▶ _Try it_
The expected answer is the data below, retyped exactly.

Phrase grounding data
===

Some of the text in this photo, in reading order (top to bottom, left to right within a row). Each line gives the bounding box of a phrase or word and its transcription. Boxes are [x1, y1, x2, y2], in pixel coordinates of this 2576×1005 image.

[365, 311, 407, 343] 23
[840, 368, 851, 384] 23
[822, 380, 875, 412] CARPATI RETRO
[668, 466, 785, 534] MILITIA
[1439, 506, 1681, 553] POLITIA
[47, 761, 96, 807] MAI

===

▶ _Problem solution_
Some of the text in this photo, in reading order (top to bottom, left to right within a row). Each line gives the bounding box of a phrase or word and its transcription. Boxes are [x1, y1, x2, y2], in pixel coordinates of this 2576×1005 image.

[365, 311, 407, 343] 23
[840, 368, 851, 384] 23
[822, 380, 875, 412] CARPATI RETRO
[668, 466, 785, 534] MILITIA
[1439, 506, 1681, 553] POLITIA
[47, 761, 96, 807] MAI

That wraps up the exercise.